- **WHAT YOU NEED TO DO**
Apart from the pictures, write out all the records exactly.

- **DATA EXCERPTS**
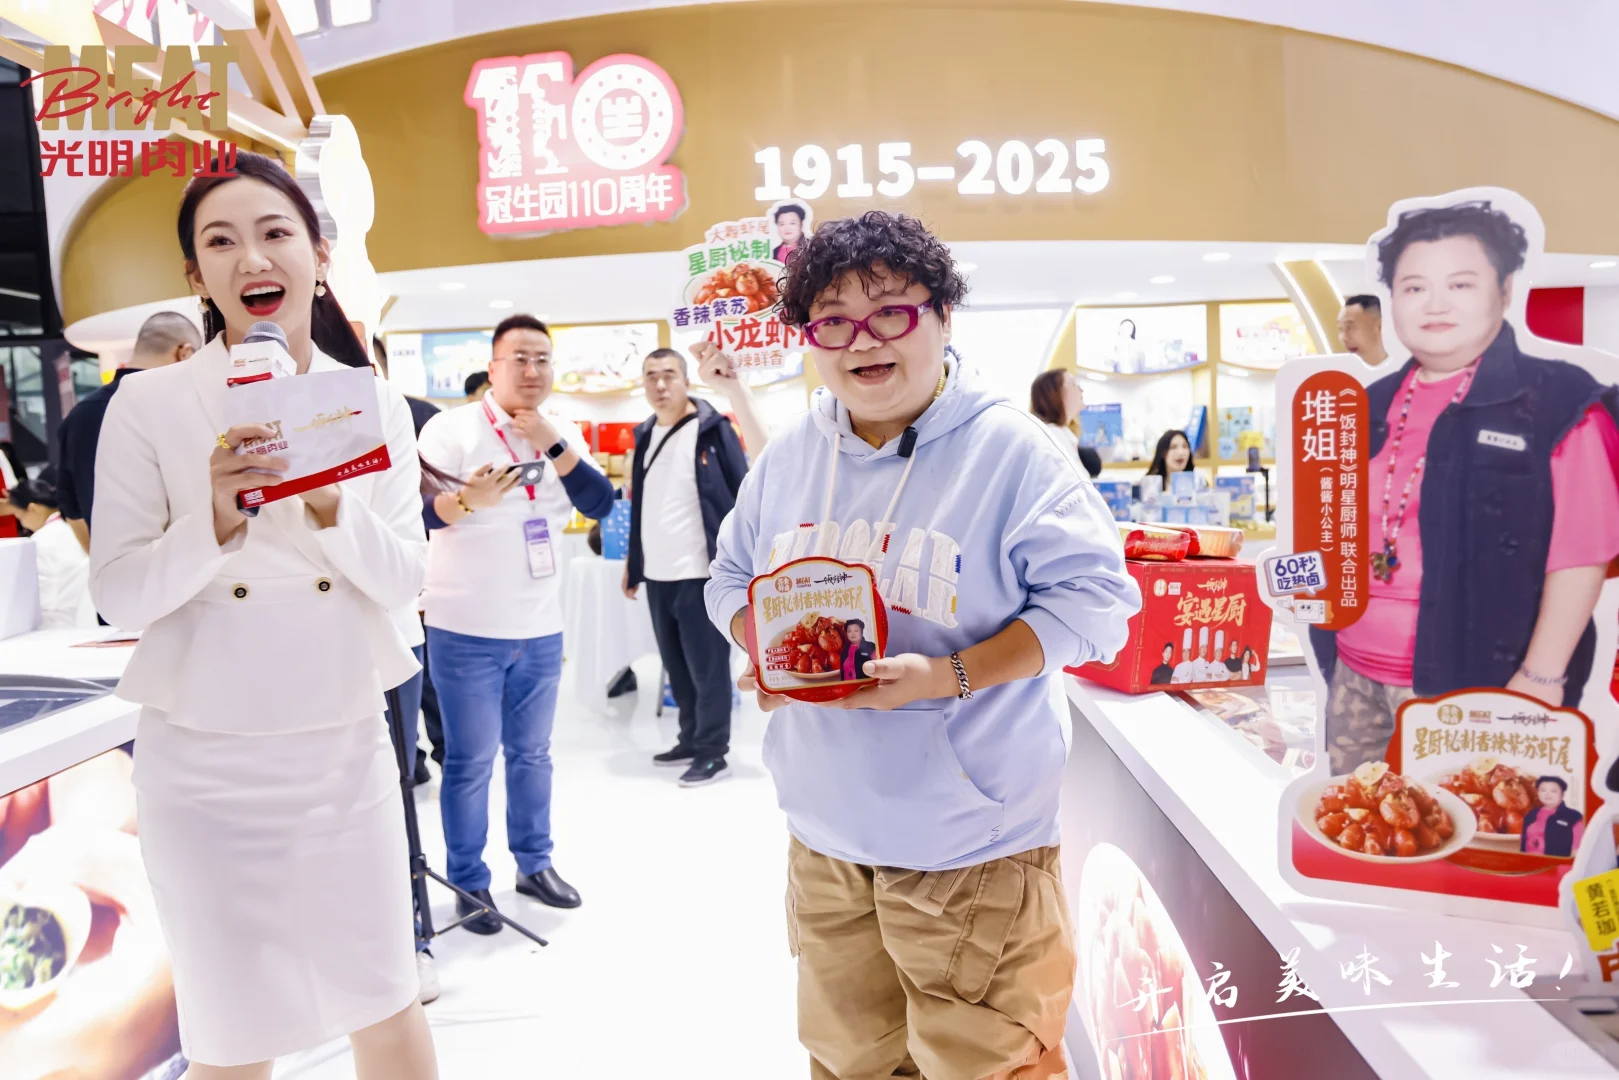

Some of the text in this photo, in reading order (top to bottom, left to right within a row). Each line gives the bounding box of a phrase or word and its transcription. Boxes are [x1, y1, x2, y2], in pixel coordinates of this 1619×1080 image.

[485, 172, 674, 225] 冠生园110周年
[688, 238, 771, 277] 星厨秘制
[673, 298, 746, 327] 香辣紫苏
[1301, 390, 1338, 463] 堆姐
[1274, 555, 1317, 577] 60秒
[1277, 572, 1320, 591] 吃热卤
[1173, 591, 1247, 629] 宴遇星厨
[1413, 726, 1573, 774] 星厨秘制香辣紫苏虾尾

- **WRITTEN SOLUTION**
Some of the text in this photo, in reading order (top to bottom, left to right within a row). Each line gives the bounding box of a phrase or word and its transcription. Boxes are [x1, y1, x2, y2], in pixel coordinates of this 1619×1080 image.

[485, 172, 674, 225] 冠生园110周年
[688, 238, 771, 277] 星厨秘制
[673, 298, 746, 327] 香辣紫苏
[1301, 390, 1338, 463] 堆姐
[1274, 555, 1317, 577] 60秒
[1277, 572, 1320, 591] 吃热卤
[1173, 591, 1247, 629] 宴遇星厨
[1413, 726, 1573, 774] 星厨秘制香辣紫苏虾尾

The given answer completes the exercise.